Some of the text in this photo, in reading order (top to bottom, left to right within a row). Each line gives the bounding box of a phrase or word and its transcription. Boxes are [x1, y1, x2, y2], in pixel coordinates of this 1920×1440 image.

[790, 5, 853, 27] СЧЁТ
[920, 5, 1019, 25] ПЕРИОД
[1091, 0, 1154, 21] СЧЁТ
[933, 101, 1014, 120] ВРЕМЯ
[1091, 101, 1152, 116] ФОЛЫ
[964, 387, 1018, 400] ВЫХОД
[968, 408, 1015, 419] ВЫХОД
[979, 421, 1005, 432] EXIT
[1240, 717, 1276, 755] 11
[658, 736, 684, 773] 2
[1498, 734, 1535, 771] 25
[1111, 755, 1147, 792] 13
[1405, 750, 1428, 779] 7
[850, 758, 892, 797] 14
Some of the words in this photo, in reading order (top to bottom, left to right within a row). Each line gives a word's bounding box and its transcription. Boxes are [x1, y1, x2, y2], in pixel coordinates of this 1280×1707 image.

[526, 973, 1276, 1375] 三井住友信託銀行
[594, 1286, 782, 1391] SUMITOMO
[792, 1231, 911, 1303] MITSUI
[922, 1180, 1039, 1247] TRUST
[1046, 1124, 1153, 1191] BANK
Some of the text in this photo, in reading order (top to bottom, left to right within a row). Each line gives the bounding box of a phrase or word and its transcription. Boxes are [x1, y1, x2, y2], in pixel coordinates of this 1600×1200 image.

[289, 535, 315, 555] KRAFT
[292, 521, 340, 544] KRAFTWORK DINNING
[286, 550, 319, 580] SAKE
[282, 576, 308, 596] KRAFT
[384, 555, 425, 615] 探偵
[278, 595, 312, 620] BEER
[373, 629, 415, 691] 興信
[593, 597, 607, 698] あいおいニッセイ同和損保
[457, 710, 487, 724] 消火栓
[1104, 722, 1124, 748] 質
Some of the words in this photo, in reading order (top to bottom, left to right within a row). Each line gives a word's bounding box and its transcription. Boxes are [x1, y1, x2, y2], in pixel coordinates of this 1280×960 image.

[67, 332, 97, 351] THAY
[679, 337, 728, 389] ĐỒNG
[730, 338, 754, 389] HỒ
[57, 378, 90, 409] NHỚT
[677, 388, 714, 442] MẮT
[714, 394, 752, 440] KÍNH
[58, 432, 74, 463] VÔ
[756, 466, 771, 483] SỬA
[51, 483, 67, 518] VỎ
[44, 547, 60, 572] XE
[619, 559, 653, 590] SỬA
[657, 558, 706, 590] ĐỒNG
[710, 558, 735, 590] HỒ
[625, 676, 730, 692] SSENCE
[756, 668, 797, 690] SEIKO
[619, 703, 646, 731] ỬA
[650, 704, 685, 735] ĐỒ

########################################

How to complete this task
Exactly as given, repeat every record above.

Result
Some of the text in this photo, in reading order (top to bottom, left to right within a row). Each line gives the bounding box of a phrase or word and its transcription. Boxes are [x1, y1, x2, y2], in pixel coordinates of this 1920×1440 image.

[790, 5, 853, 27] СЧЁТ
[920, 5, 1019, 25] ПЕРИОД
[1091, 0, 1154, 21] СЧЁТ
[933, 101, 1014, 120] ВРЕМЯ
[1091, 101, 1152, 116] ФОЛЫ
[964, 387, 1018, 400] ВЫХОД
[968, 408, 1015, 419] ВЫХОД
[979, 421, 1005, 432] EXIT
[1240, 717, 1276, 755] 11
[658, 736, 684, 773] 2
[1498, 734, 1535, 771] 25
[1111, 755, 1147, 792] 13
[1405, 750, 1428, 779] 7
[850, 758, 892, 797] 14
Some of the words in this photo, in reading order (top to bottom, left to right within a row). Each line gives a word's bounding box and its transcription. Boxes are [x1, y1, x2, y2], in pixel coordinates of this 1280×1707 image.

[526, 973, 1276, 1375] 三井住友信託銀行
[594, 1286, 782, 1391] SUMITOMO
[792, 1231, 911, 1303] MITSUI
[922, 1180, 1039, 1247] TRUST
[1046, 1124, 1153, 1191] BANK
Some of the text in this photo, in reading order (top to bottom, left to right within a row). Each line gives the bounding box of a phrase or word and its transcription. Boxes are [x1, y1, x2, y2], in pixel coordinates of this 1600×1200 image.

[289, 535, 315, 555] KRAFT
[292, 521, 340, 544] KRAFTWORK DINNING
[286, 550, 319, 580] SAKE
[282, 576, 308, 596] KRAFT
[384, 555, 425, 615] 探偵
[278, 595, 312, 620] BEER
[373, 629, 415, 691] 興信
[593, 597, 607, 698] あいおいニッセイ同和損保
[457, 710, 487, 724] 消火栓
[1104, 722, 1124, 748] 質
Some of the words in this photo, in reading order (top to bottom, left to right within a row). Each line gives a word's bounding box and its transcription. Boxes are [x1, y1, x2, y2], in pixel coordinates of this 1280×960 image.

[67, 332, 97, 351] THAY
[679, 337, 728, 389] ĐỒNG
[730, 338, 754, 389] HỒ
[57, 378, 90, 409] NHỚT
[677, 388, 714, 442] MẮT
[714, 394, 752, 440] KÍNH
[58, 432, 74, 463] VÔ
[756, 466, 771, 483] SỬA
[51, 483, 67, 518] VỎ
[44, 547, 60, 572] XE
[619, 559, 653, 590] SỬA
[657, 558, 706, 590] ĐỒNG
[710, 558, 735, 590] HỒ
[625, 676, 730, 692] SSENCE
[756, 668, 797, 690] SEIKO
[619, 703, 646, 731] ỬA
[650, 704, 685, 735] ĐỒ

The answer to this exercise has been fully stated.